I’ve gathered the logs from both regions to an intermediate bucket on the same location as the EMR.
During that process I had to rename the files (see below) so they don’t get overwrited, because I’ve got the exact same log files both from ap-southeast-1 and eu-west-1 region.
resources/environments/logs/publish/e-smgk4gppuv/i-1a5c92f8e77605a3d _var_log_tomcat8_rotated_localhost_access_log.txt1506423661 -> _var_log_tomcat8_rotated_localhost_access_log.2017-09-26-12.eu-west-1.i-1a5c92f8e77605a3d.txt.gz
Then setted the IN bucket to that intermediate location and started EmrEtlRunner (and that appended region and bucket folder):
MOVE tracking-snapshots/events/snowplow-raw/_var_log_tomcat8_rotated_localhost_access_log.2017-09-26-12.eu-west-1.i-1a5c92f8e77605a3d.txt.gz -> snowplow-bucket-data/processing/_var_log_tomcat8_rotated_localhost_access_log.2017-09-26-12.eu-west-1.i-1a5c92f8e77605a3d.txt.eu-west-1.snowplow-raw.gz
Which probably caused this error:
D, [2017-09-26T17:32:18.692000 #9405] DEBUG -- : EMR jobflow j-3QMDJ1Q1LCRTR started, waiting for jobflow to complete...
F, [2017-09-26T17:42:20.277000 #9405] FATAL -- :
Snowplow::EmrEtlRunner::EmrExecutionError (EMR jobflow j-3QMDJ1Q1LCRTR failed, check Amazon EMR console and Hadoop logs for details (help: https://github.com/snowplow/snowplow/wiki/Troubleshooting-jobs-on-Elastic-MapReduce). Data files not archived.

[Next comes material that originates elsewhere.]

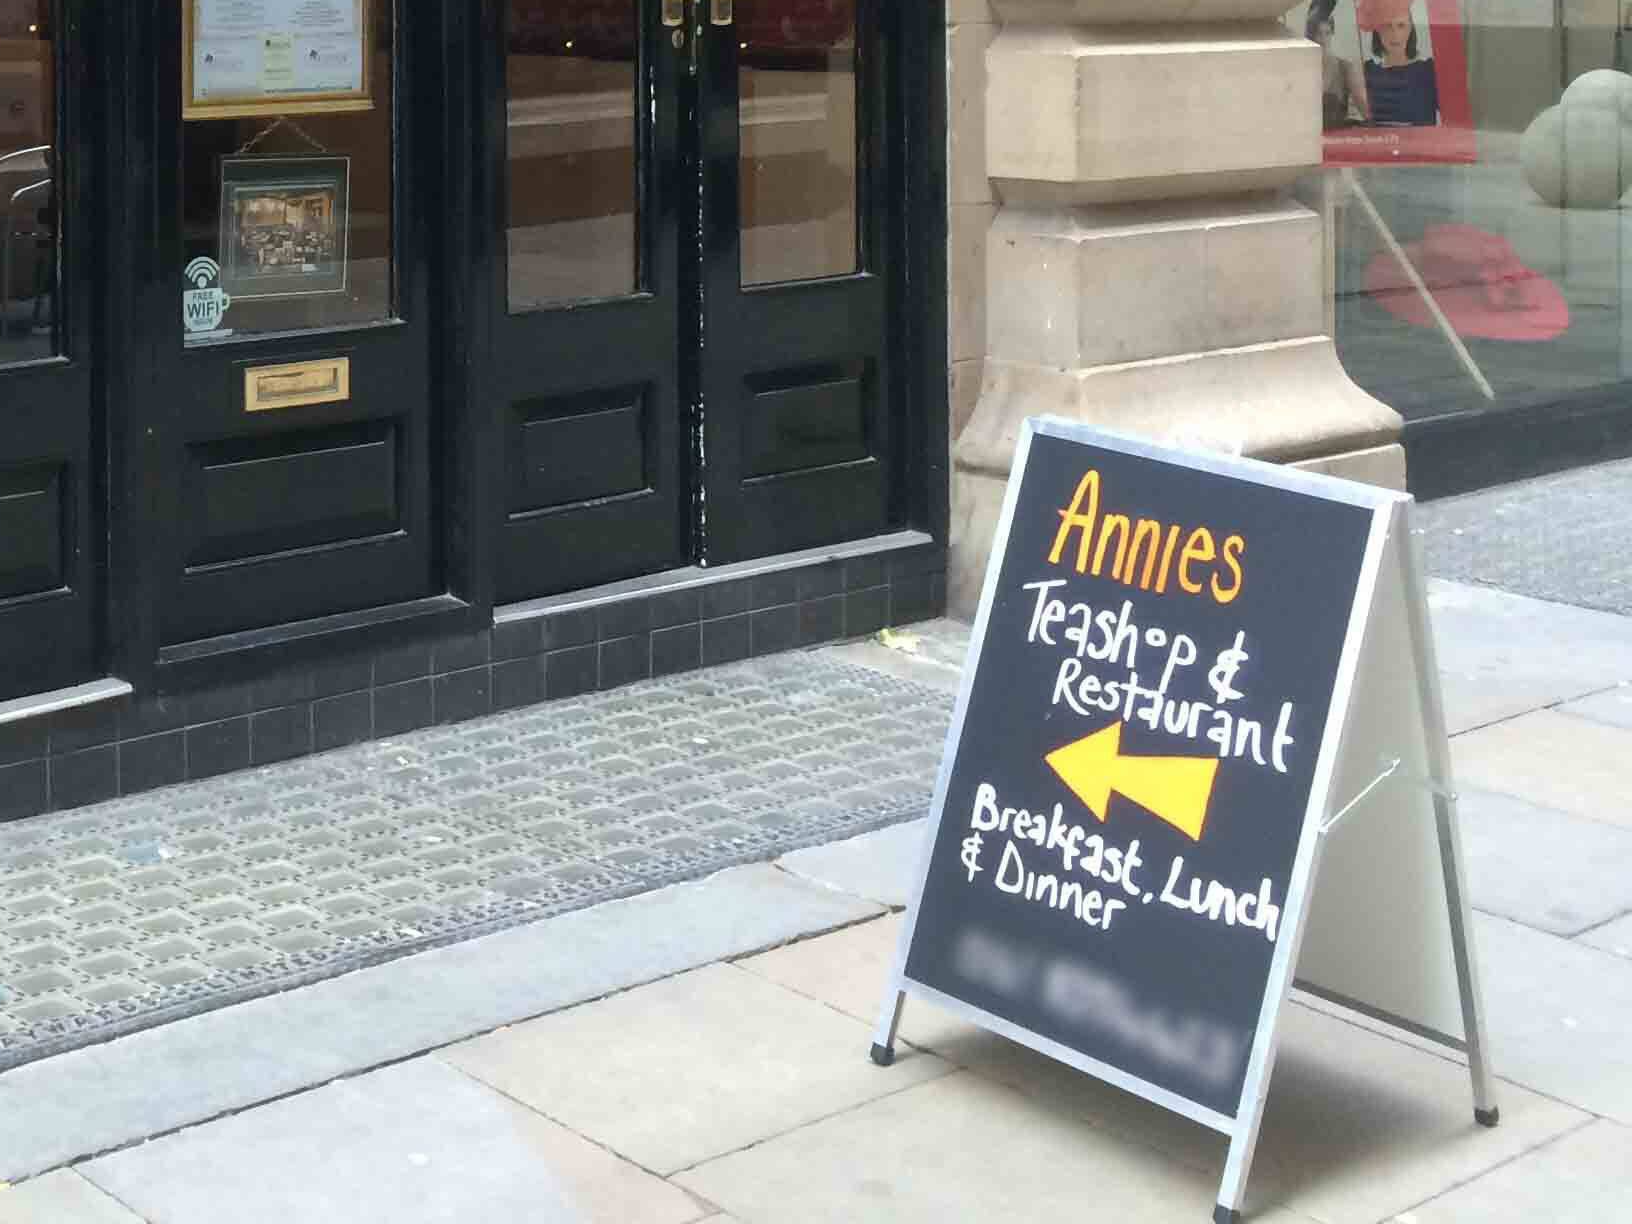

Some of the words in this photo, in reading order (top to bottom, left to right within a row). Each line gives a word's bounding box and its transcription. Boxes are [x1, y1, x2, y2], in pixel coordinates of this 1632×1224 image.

Snowplow ETL: TERMINATING [STEP_FAILURE] ~ elapsed time n/a [2017-09-26 17:38:51 UTC - ]
- 1. Elasticity Scalding Step: Enrich Raw Events: COMPLETED ~ 00:01:57 [2017-09-26 17:38:56 UTC - 2017-09-26 17:40:53 UTC]
- 2. Elasticity S3DistCp Step: Enriched HDFS -> S3: FAILED ~ 00:00:14 [2017-09-26 17:40:53 UTC - 2017-09-26 17:41:08 UTC]

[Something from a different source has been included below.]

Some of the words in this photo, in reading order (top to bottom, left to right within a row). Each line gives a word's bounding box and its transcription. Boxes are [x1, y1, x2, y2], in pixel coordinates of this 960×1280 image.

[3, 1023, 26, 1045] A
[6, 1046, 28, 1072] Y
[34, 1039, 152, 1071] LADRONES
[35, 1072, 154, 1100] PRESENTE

- 3. Elasticity S3DistCp Step: Shredded HDFS -> S3: CANCELLED ~ elapsed time n/a [ - ]
- 4. Elasticity Scalding Step: Shred Enriched Events: CANCELLED ~ elapsed time n/a [ - ]

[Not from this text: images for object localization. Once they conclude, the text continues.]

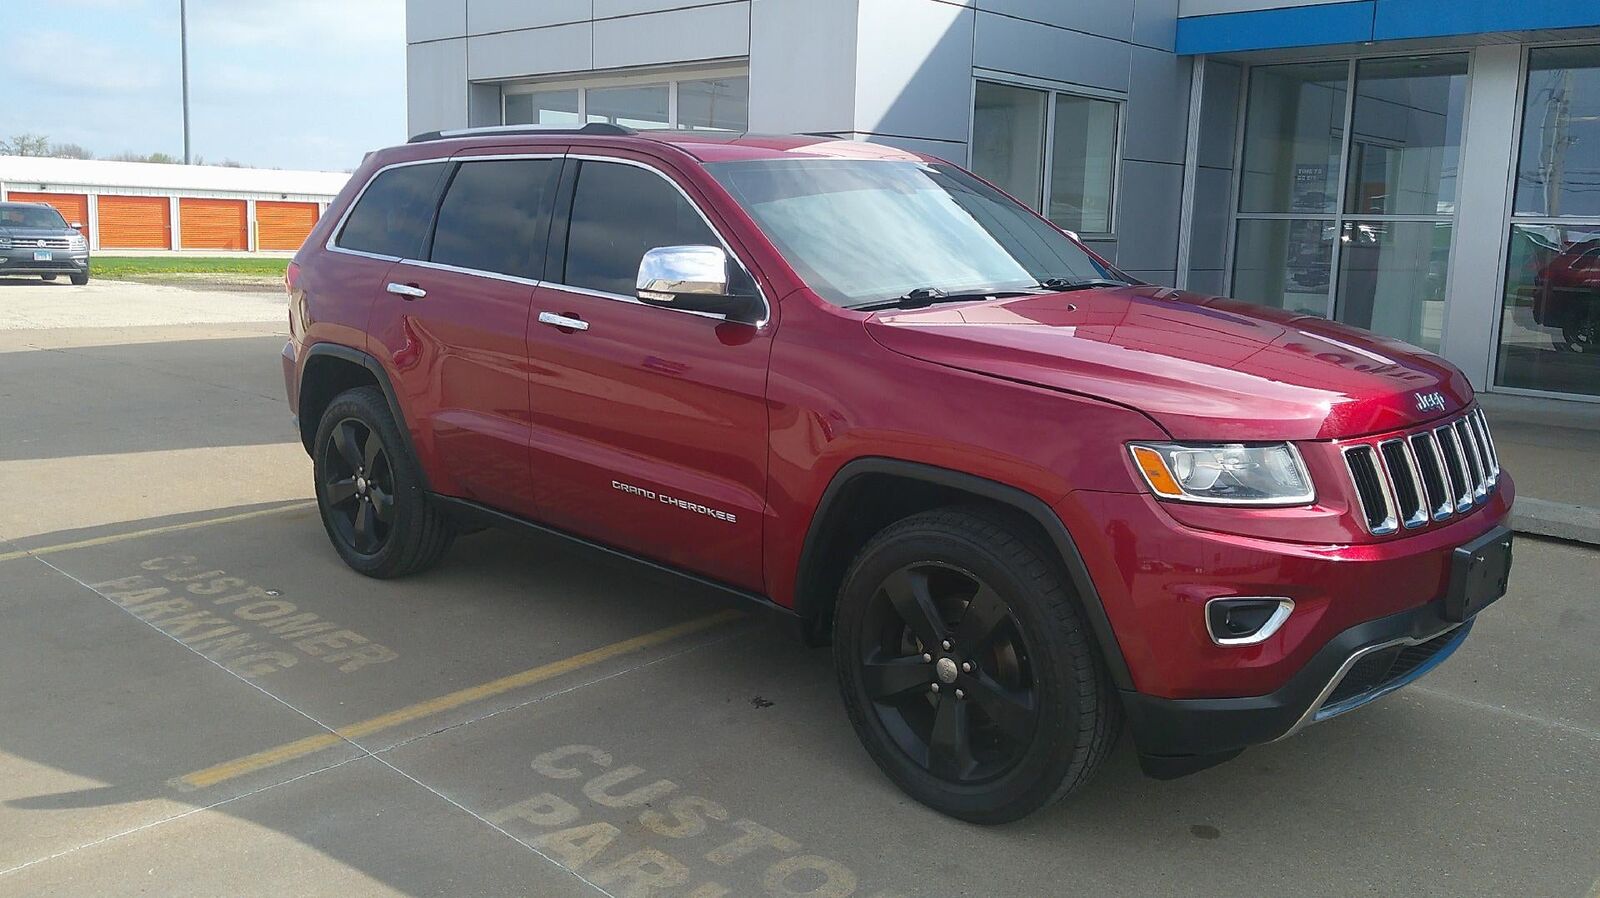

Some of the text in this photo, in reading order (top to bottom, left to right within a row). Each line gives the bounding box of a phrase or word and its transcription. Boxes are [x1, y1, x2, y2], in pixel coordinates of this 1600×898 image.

[1414, 392, 1445, 411] Jeep
[611, 480, 737, 523] GRAND CHEROKEE
[91, 575, 298, 678] PARKING
[140, 555, 399, 674] CUSTOMER
[487, 792, 731, 898] PAR
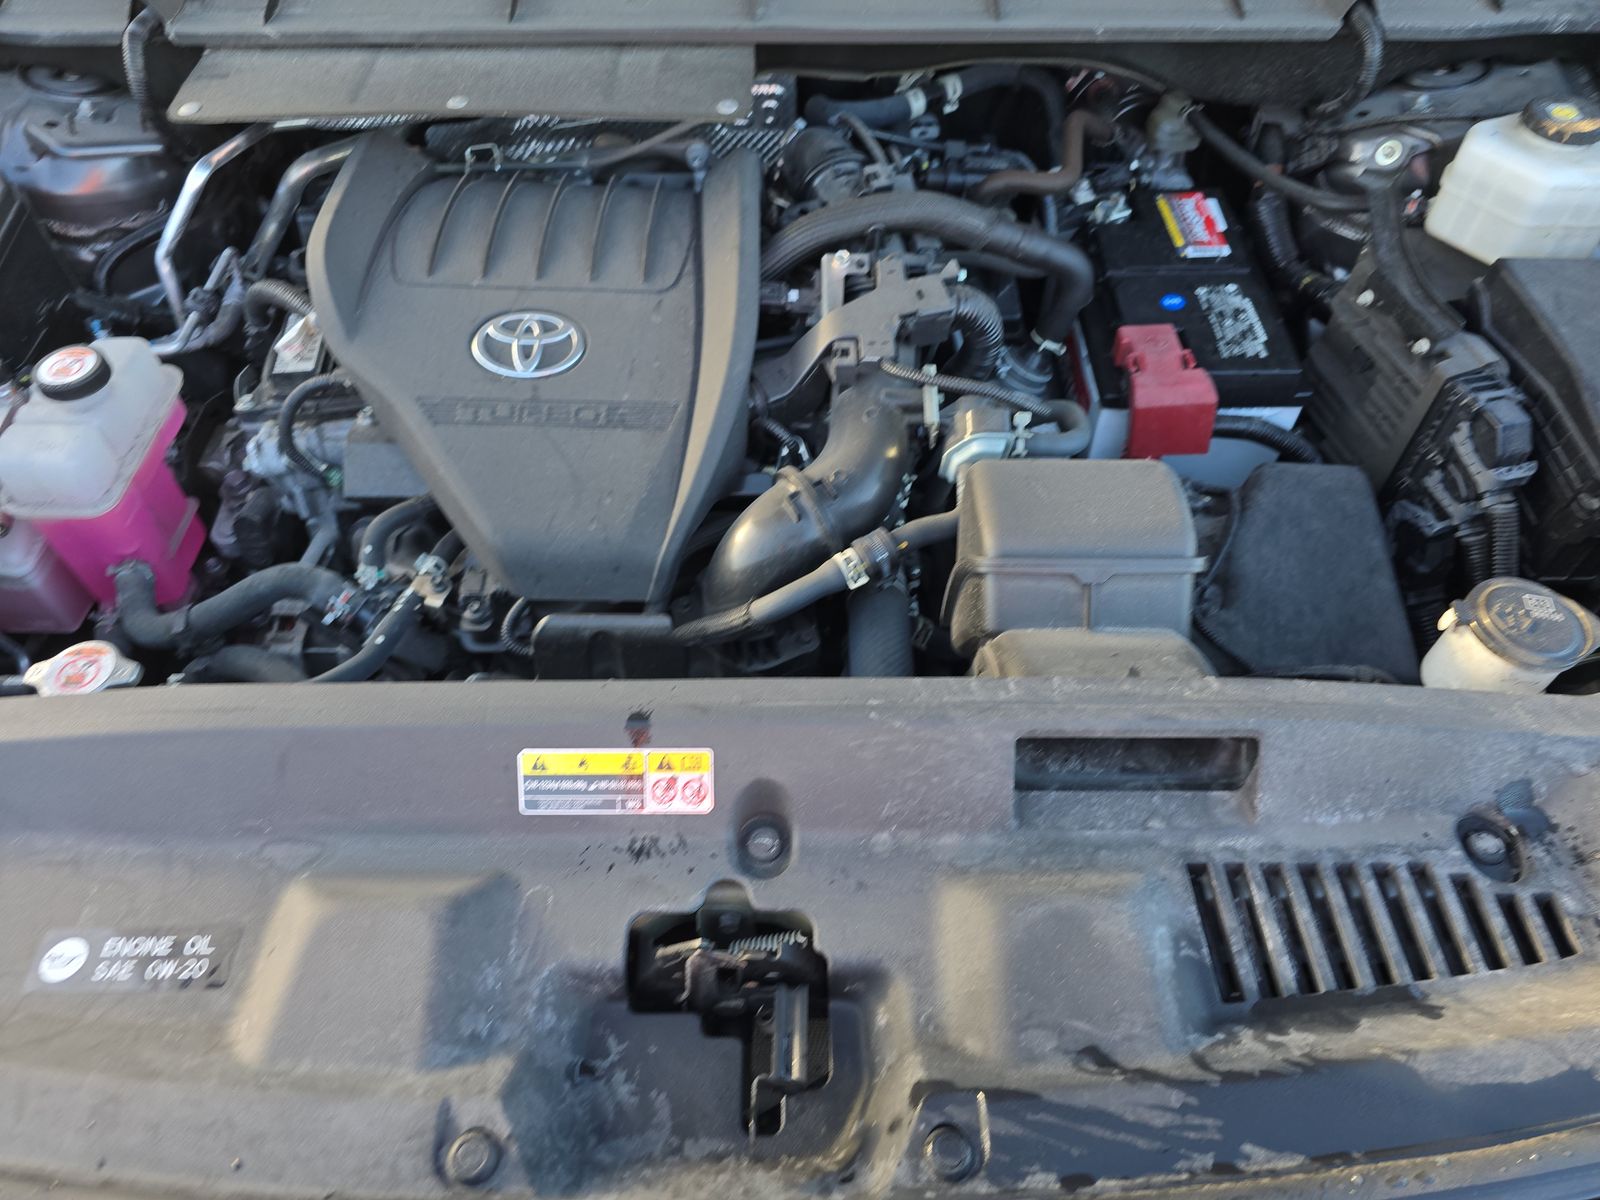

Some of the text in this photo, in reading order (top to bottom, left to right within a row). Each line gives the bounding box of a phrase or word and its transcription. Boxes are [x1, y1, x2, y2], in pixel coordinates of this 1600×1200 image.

- 5. Elasticity S3DistCp Step: Enriched HDFS _SUCCESS -> S3: CANCELLED ~ elapsed time n/a [ - ]):
Edit: EMR logs can provide more info
Input path does not exist: hdfs://ip-172-31-28-180.eu-west-1.compute.internal:8020/tmp/5a58078b-a2b2-4f4d-a0b8-8b90bf70e3bc/files
Any suggestion to bypass this issue?
How can files from different regions with the same timestamps live together?